金沢大学工学部「研究概要と研究業績(2001年度版)」より

研 究 概 要 (地球科学グループ 塚脇真二助教授)

  本研究グループでは北陸地方,日本海東縁部および東南アジア大陸部を調査研究対象に以下の4テーマを中心とする研究を地球科学の視点から展開している。

メコン河下流域における過去2万年間の環境変遷史:中国奥地に端を発しヴェトナム南部で南シナ海に注ぐメコン河は流路長約4000qの大河であり,下流域には世界最大の熱帯湖トンレサップや広大なメコンデルタなどの特徴的な地形が発達する。また,この地域は東南アジアにおける重要な開発対象として注目されるとともに古代から高度な文明が栄えたことでも知られる。そこでトンレサップ湖やメコンデルタの堆積物の解析にもとづき同湖ならびにメコン河下流域における過去約2万年間の環境や地形の変化を復元し,環境変化と文明の盛衰との関係を探るとともに将来の気候変動や開発にともなう環境の変化を予測する。

東南アジアに分布するマングローブ林周辺海域における堆積作用:東南アジアの海岸域に広く分布するマングローブ林は貴重な生物資源として,また環境保護の見地からその保全が訴えられている。さらに将来予測される海面変動がその立地環境に与える影響も懸念されている。しかし,マングローブ林周辺海域での堆積物の浸食・運搬・堆積過程についてはいまだに不明な点が多くこれが立地変動予測や保全対策への障害となっている。そこで海底堆積物の解析にもとづいてマングローブ林周辺海域における堆積作用の詳細を解明し,現在の立地条件を明確化するとともに開発や海面変動による堆積作用の将来的変化の予測を試みる。
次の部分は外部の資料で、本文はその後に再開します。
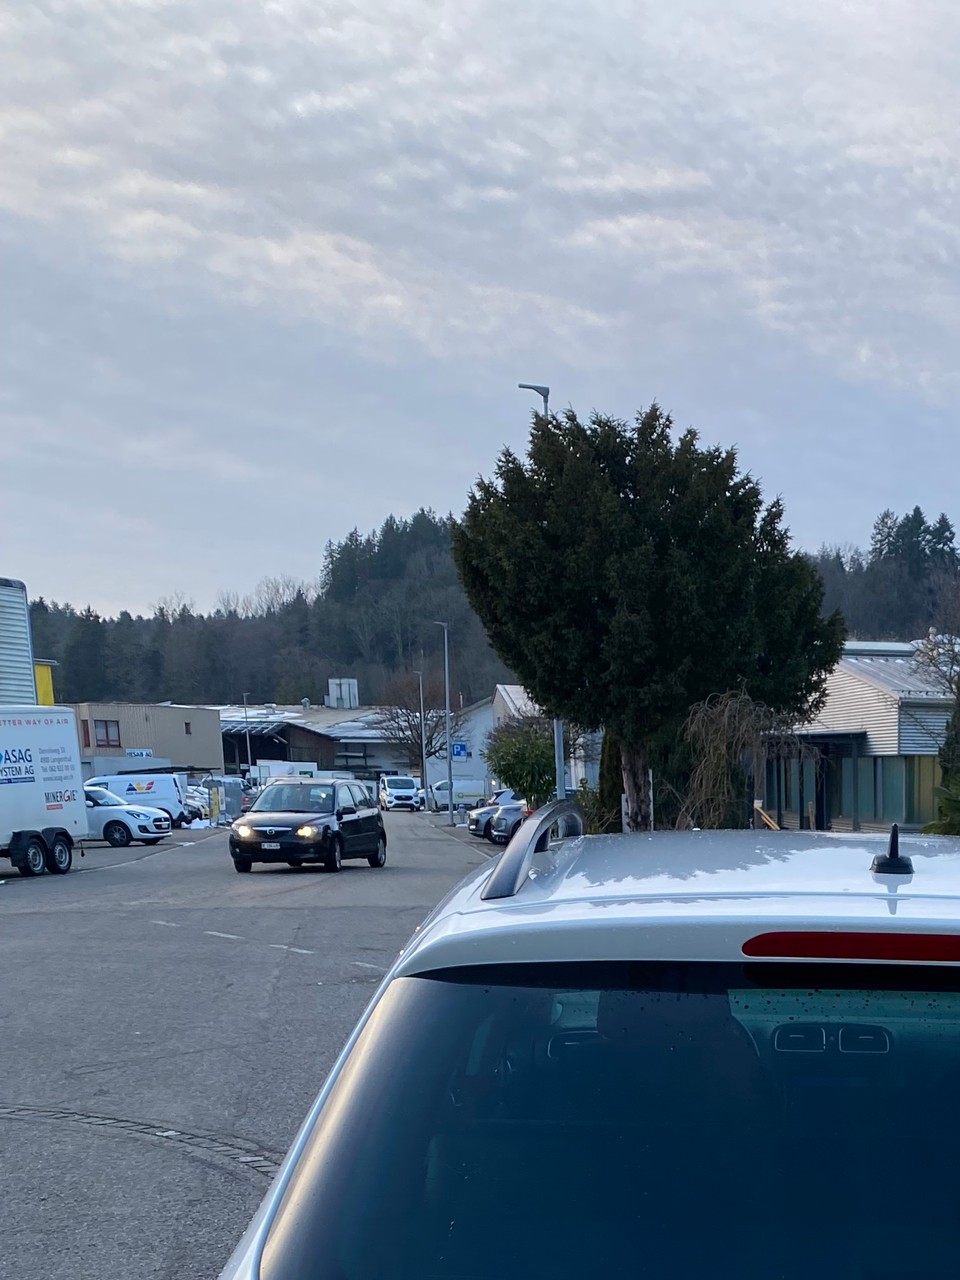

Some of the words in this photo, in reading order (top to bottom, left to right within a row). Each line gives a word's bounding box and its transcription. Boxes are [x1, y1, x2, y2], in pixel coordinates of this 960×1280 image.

日本海における過去2万年間の堆積作用ならびに環境変遷史:代表的な縁海のひとつである日本海は,最深部が3千mをこえるにもかかわらず外洋とは対馬海峡や津軽海峡などの狭小な海峡で連絡するのみであり,このような閉鎖性の高さゆえ日本海は氾世界的海水準変動に対応してその海洋環境を著しく変えてきた。そこでおもに日本海東縁部海域での海洋地質学的調査にもとづき,氷河時代最盛期である約2万年前から約6千年前の海面高頂期をへて現在に至るまでの日本海の海洋環境ならびに堆積作用の変遷を解明する。

北陸地方に分布する上部新生界の地質構造発達史:北陸地方には貝化石の多産で著名な大桑層など我が国日本海側を代表する上部新生界の分布が知られる。代表的背弧海盆である日本海の形成過程が世界的に注目されるなか,これらの地層群は拡大中あるいは拡大後の日本海ならびに周辺陸域の環境変遷史や地質構造発達史を解明するうえで重要な存在でありその層序や地質構造などの再検討は急務といえる。また,防災や開発の視点からも同地域での実用的な地質図の完備が望まれている。そこで精密な地質調査による高精度地質図の作成を北陸地方一円で展開し,これにもとづいて北陸地方の後期新生代地質構造発達史を解明するとともに応用地質学あるいは土木工学など関連分野への寄与を目指す。